The authors built a system that doesn't just look at a single moment in time; it watches the story of how things change over time.

1. The Translator (The Normalizing Flow)

Imagine you have a chaotic, noisy video of a busy street. It's hard to understand.
The first part of their system is a Translator. It takes that messy street video and translates it into a clean, simple language (called the Latent Space).

Old way: The translator just tries to make the video look pretty.
New way: The translator is forced to follow strict rules. It must translate the street traffic into a specific, predictable pattern of movement.

2. The Script (Inductive Bias)

This is the secret sauce. The authors force the system to believe that "normal" behavior follows a specific Script (a mathematical rule called a Linear-Gaussian Latent Dynamical Model).

Think of it like a dance troupe.

Normal dancers: They all follow the choreography perfectly. They move in a smooth, predictable line.
The Anomaly: A dancer who suddenly starts breakdancing in the middle of a waltz.

Even if the breakdancer is wearing the exact same costume as everyone else (high "likelihood"), they are breaking the choreography (the inductive bias). The system ignores the costume and checks the dance moves.

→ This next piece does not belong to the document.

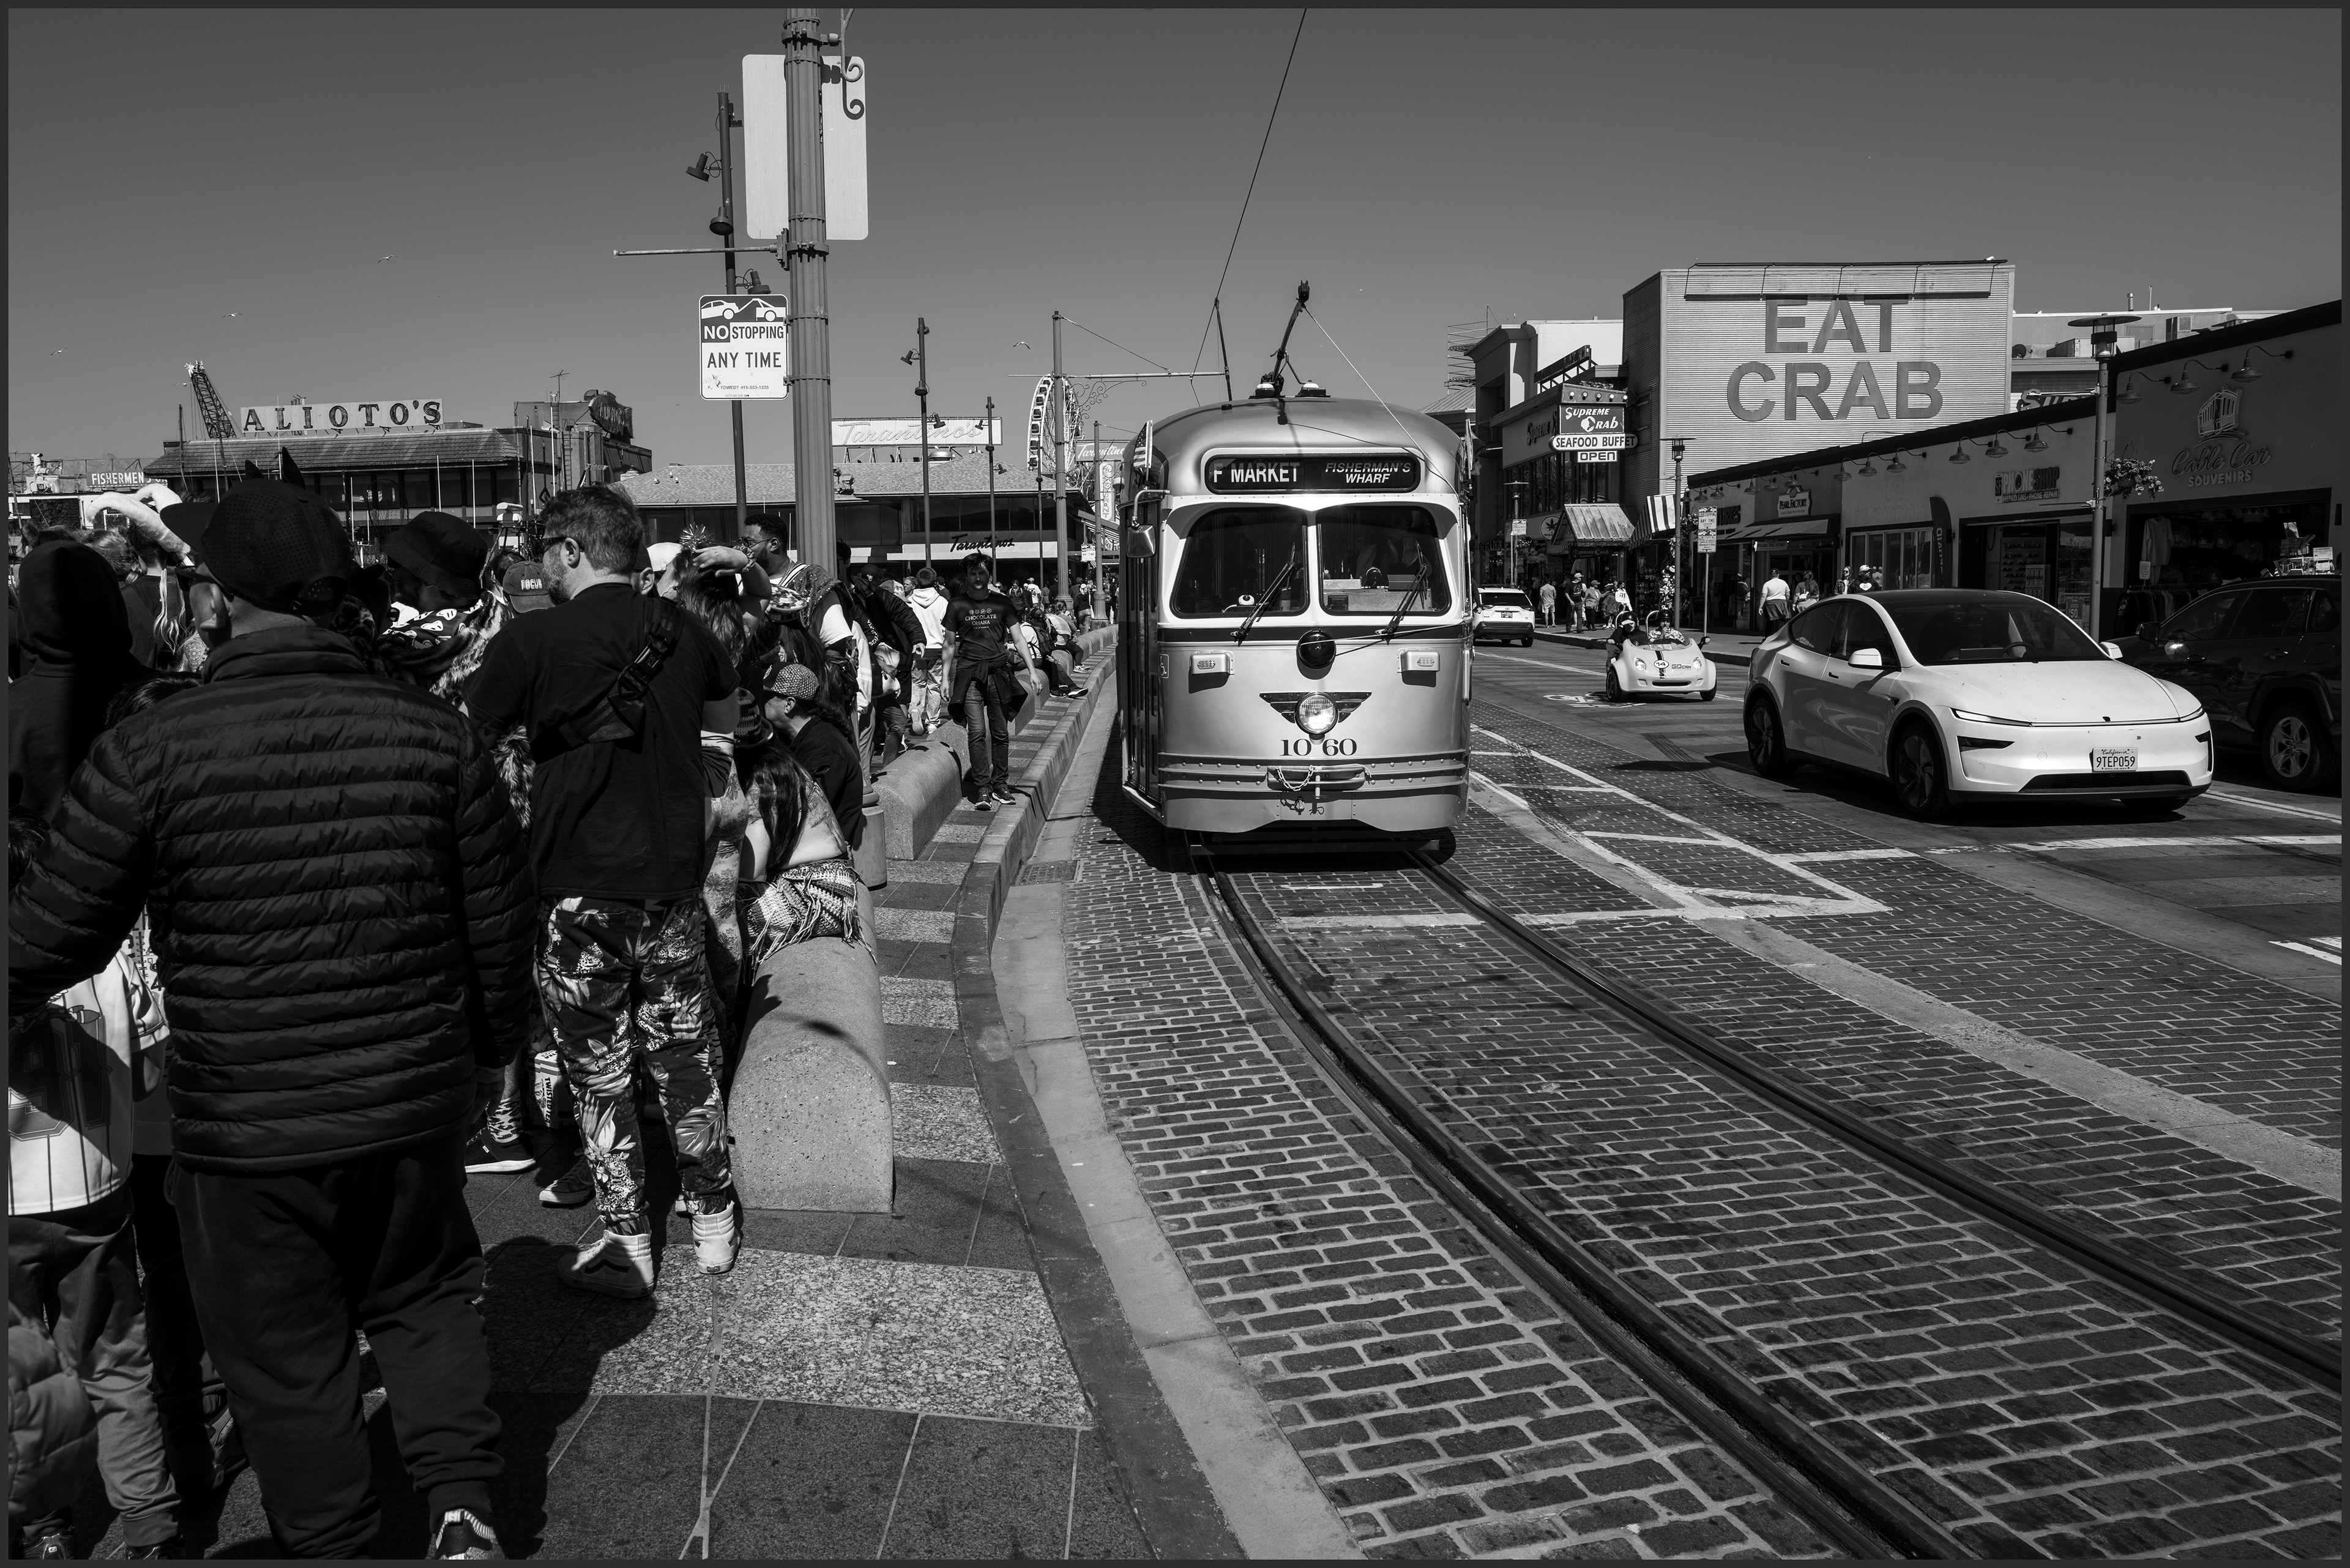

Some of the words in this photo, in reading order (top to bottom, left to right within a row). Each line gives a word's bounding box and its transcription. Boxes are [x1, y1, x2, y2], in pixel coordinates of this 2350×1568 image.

3. The Compliance Test (The Goodness-of-Fit)

Instead of guessing a score, the system runs a Compliance Test.

It takes the new data, translates it into the "dance moves" (latent space), and checks: "Does this sequence of moves match the choreography we learned?"
If the moves are slightly off, the system sounds an alarm.
Crucially: This test doesn't need a human to say, "Okay, if the score is above 85, it's an anomaly." The test itself tells you if the data fits the rules or not. It's like a math equation that says "Yes, this fits" or "No, this doesn't."

Why is this better?

The paper shows that this method works even when the "fake" data looks very similar to the "real" data.

The Old Guard (Likelihood): "This fake painting looks so real! I'll give it a 10/10." (Fails to catch the anomaly).
The New Guard (Inductive Bias): "This painting looks real, but the brushstrokes don't follow the artist's usual style. It breaks the rules. I'm flagging it."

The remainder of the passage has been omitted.